US crude exports bounced back above 3mn b/d in April with the Netherlands as the top destination, and India at number two. Meanwhile Fob WTI hit an 18-month high against Ice Brent.
Welcome back to our monthly blog: The US Crude Export Chronicles, by senior reporter Eunice Bridges (@eunicebridges12) and associate editor Amanda Hilow (@HilowMidpoint). Come back every month for Argus’ take on US crude exports and how they are faring in the Covid-19 recovery.
Just when we thought US crude exports were losing steam, here comes the official US April trade data. And talk about a bounce back — crude exports jumped a whopping 24pc to 3.24mn b/d, the highest monthly total this year.
The Netherlands earned the title of top buyer in April with 425,000 b/d, more than doubling from the previous month. US crude exports to the Netherlands averaged about 300,000 b/d in the first four months of this year, slightly higher than the 2020 average. As a reminder, overall US crude exports were resilient last year, averaging a record 3.2mn b/d despite the disaster combo of Covid-19 and a slew of tropical storms in the Gulf of Mexico.
Higher demand in both domestic and global markets for transportation fuels like gasoline ahead of driving season is pushing up the value of waterborne light sweet crude as US and European refineries ramp up throughputs.
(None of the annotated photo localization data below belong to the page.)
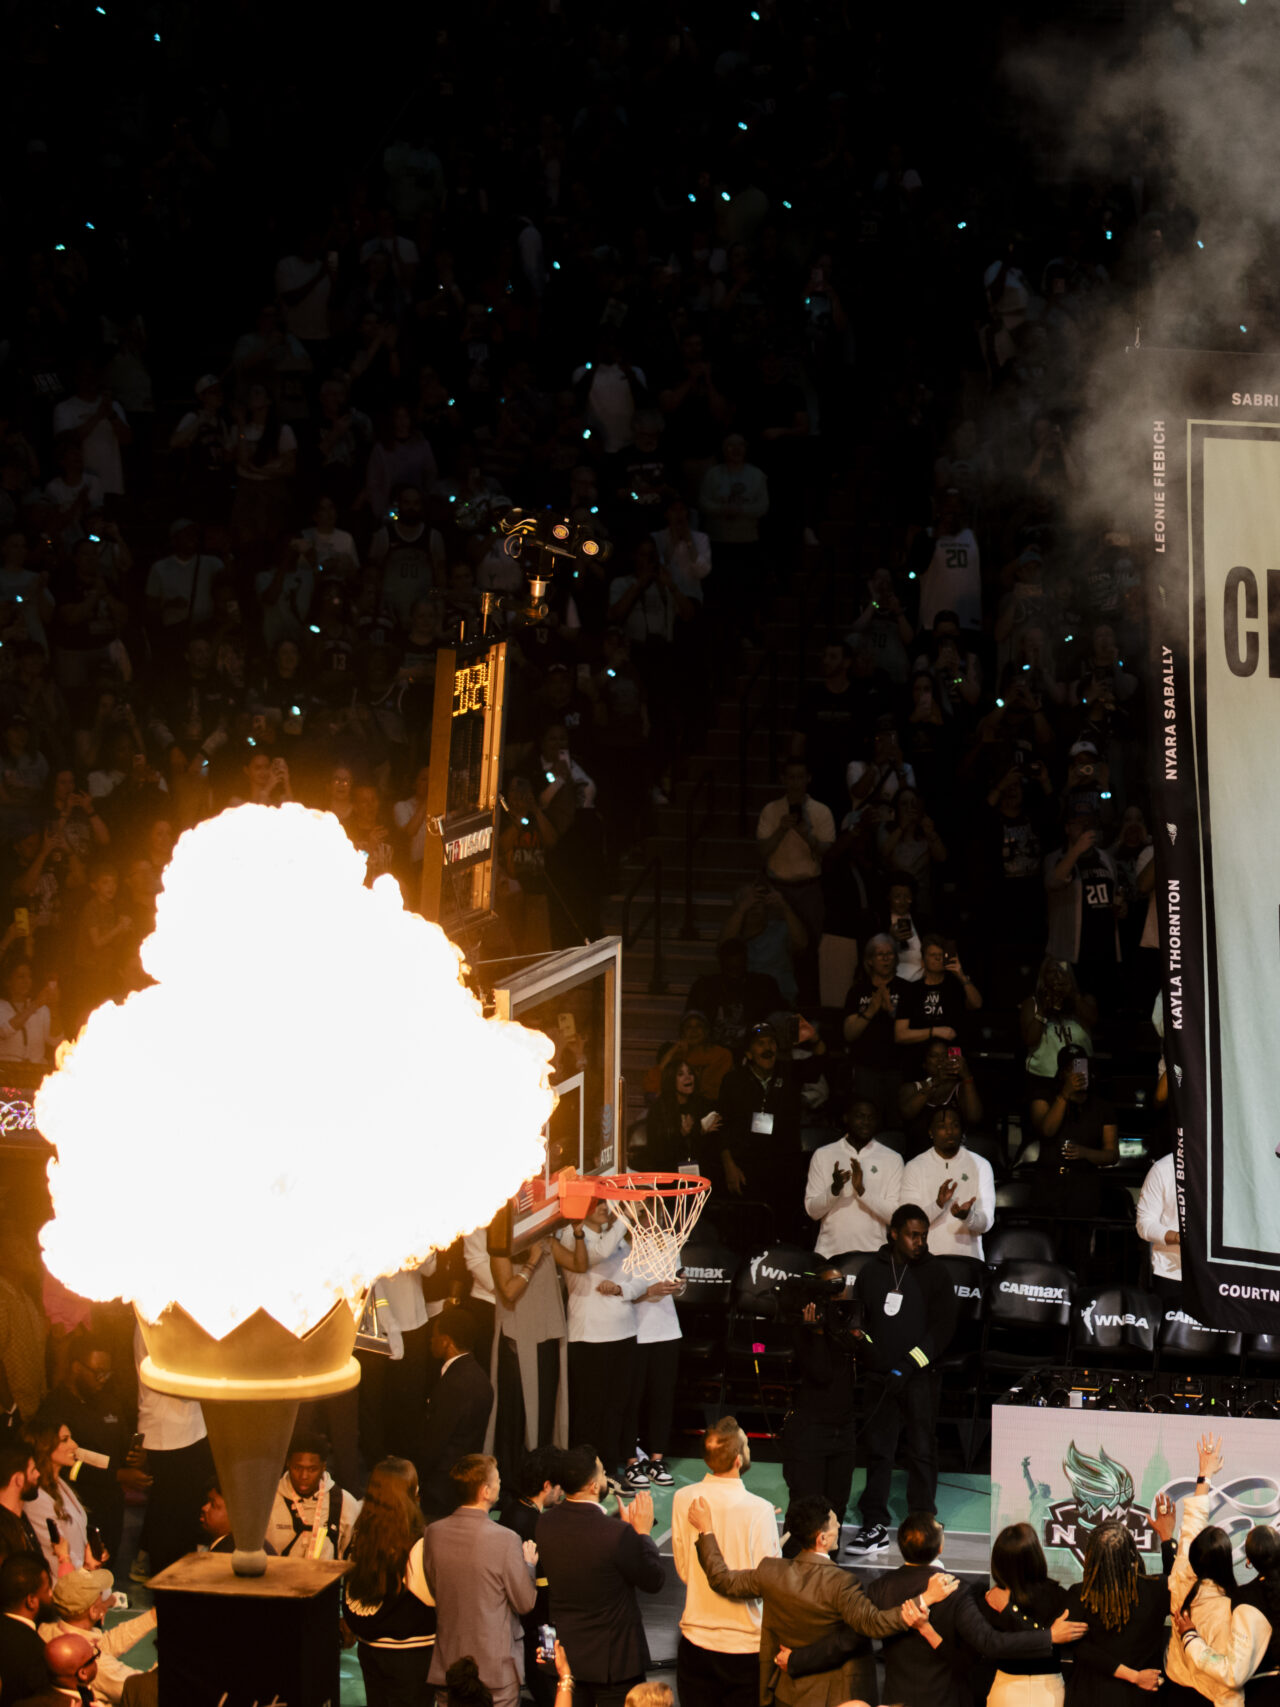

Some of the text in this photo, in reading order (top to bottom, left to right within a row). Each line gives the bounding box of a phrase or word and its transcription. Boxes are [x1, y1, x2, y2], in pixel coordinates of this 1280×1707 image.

[1152, 420, 1166, 553] LEONIE FIEBICH
[946, 549, 968, 568] 20
[1161, 645, 1178, 780] NYARA SABALLY
[460, 827, 493, 859] TISSOT
[1085, 883, 1109, 904] 20
[1167, 879, 1183, 1030] KAYLA THORNTON
[1094, 1313, 1150, 1329] WNBA
The free-on-board (fob) price of WTI at the US Gulf coast has been trending higher against the international benchmark Ice Brent, with WTI fob Houston more than halving its discount to Ice Brent month-on-month. WTI fob Houston even touched an 18-month high on 11 June at a 48¢/bl discount to September Ice Brent as it follows strength in the domestic pipeline market. That’s pre-pandemic levels.
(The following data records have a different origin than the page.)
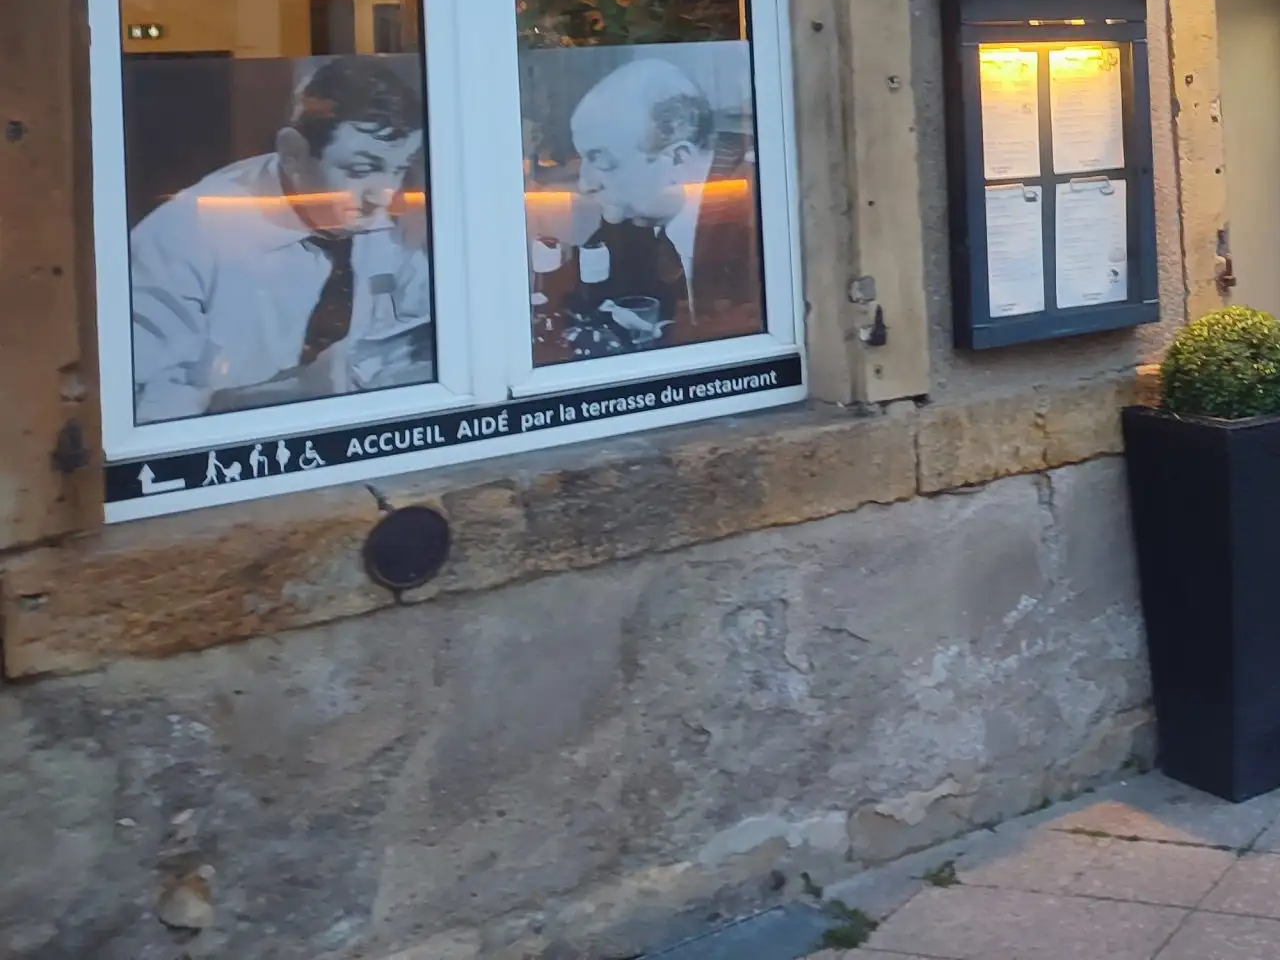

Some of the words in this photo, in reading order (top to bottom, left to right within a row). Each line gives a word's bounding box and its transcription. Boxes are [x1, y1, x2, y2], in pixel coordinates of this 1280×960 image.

[346, 424, 446, 458] ACCUEIL
[456, 409, 509, 439] AIDÉ
[521, 409, 554, 432] par
[559, 403, 576, 423] la
[581, 391, 656, 418] terrasse
[660, 385, 684, 404] du
[688, 369, 778, 399] restaurant
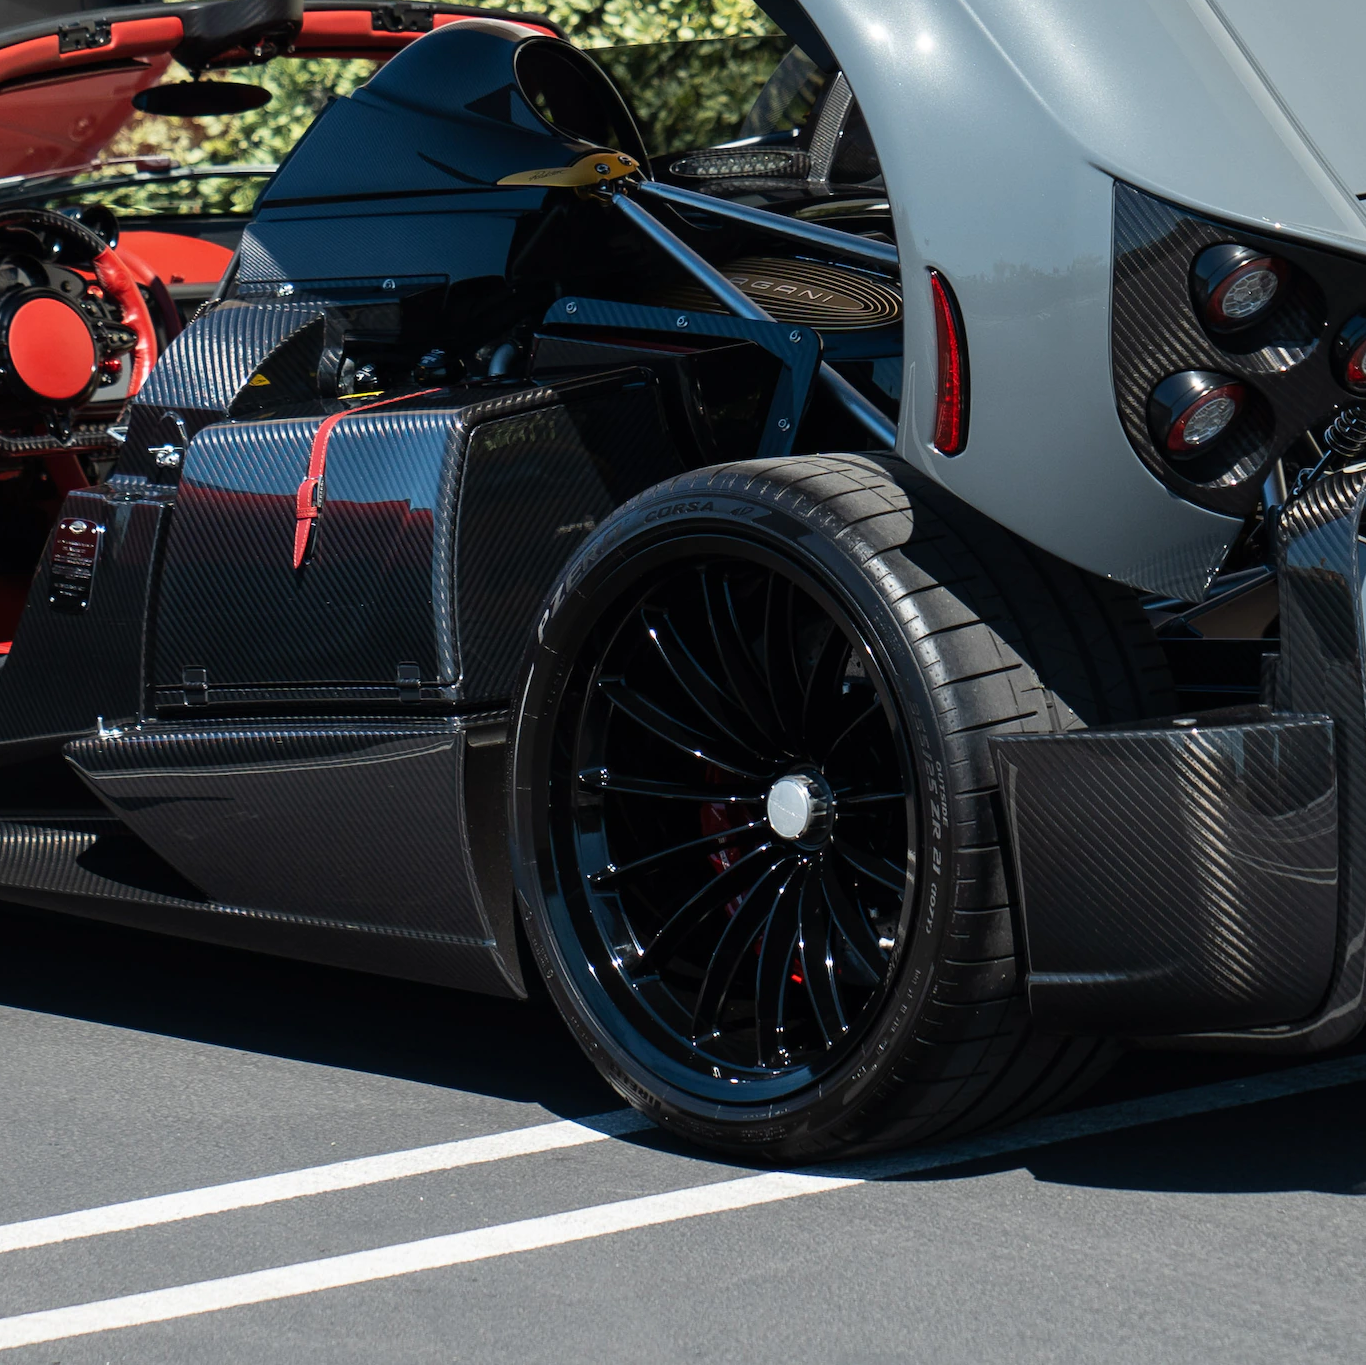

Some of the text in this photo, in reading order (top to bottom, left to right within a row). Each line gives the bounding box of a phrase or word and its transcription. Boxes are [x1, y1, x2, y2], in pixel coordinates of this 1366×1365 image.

[728, 277, 834, 303] AGANI
[643, 501, 715, 523] CORSA
[935, 760, 949, 829] OUTSIDE
[929, 799, 942, 840] ZR
[931, 846, 942, 876] 21
Census surpriseIndia jumped to the number two spot among takers of US crude, according to the latest monthly trade data. About 370,000 b/d of US crude headed to India in April. But that total is down sharply from the record 560,000 b/d sent to India in December.
India has struggled with a devastating outbreak of Covid-19 this year but the outlook is improving in recent weeks as cases are falling, and some stringent lockdown measures are being lifted. The country's diesel and gasoline consumption rebounded in the first half of June by 12pc and 13pc, respectively, compared with the same period last month.
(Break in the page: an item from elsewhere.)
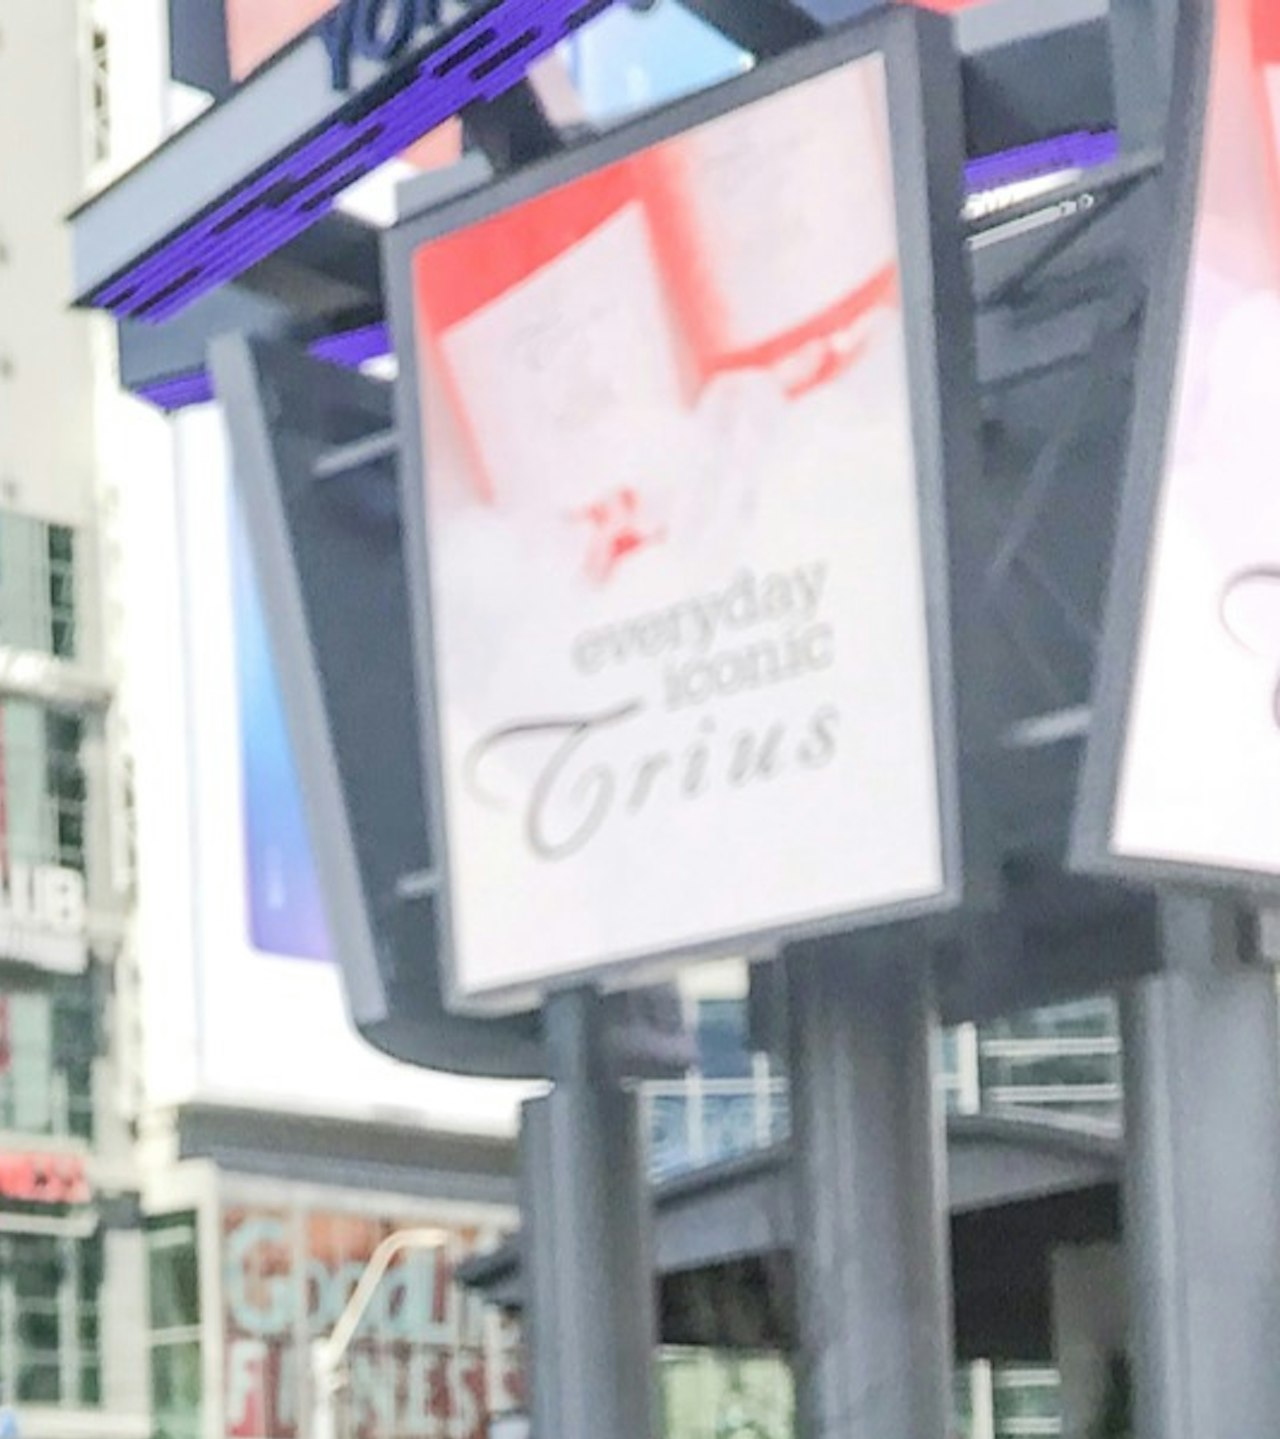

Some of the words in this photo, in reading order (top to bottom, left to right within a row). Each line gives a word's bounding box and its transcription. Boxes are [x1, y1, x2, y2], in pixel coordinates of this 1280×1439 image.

[320, 0, 440, 91] YO
[570, 560, 828, 676] everyday
[661, 620, 836, 712] iconic
[462, 696, 842, 864] Trius
Meanwhile, US crude headed to China averaged 202,000 b/d in April, the lowest in a year.
In the pipelineA long-delayed, multi-billion-dollar pipeline project met its end this month.
TC Energy officially pulled the plug on its 830,000 b/d Keystone XL crude pipeline project – terminating a plan to move a lot more crude from western Canada to the US midcontinent and Gulf coast.
Construction on the $8bn Keystone XL was suspended earlier this year after US president Joe Biden rescinded a key cross-border permit, citing concerns about climate change.
The line would have moved crude from Hardisty, Alberta, to Steele City, Nebraska, where it would have connected with other TC Energy pipelines to Cushing, Oklahoma, and the southeast Texas coast.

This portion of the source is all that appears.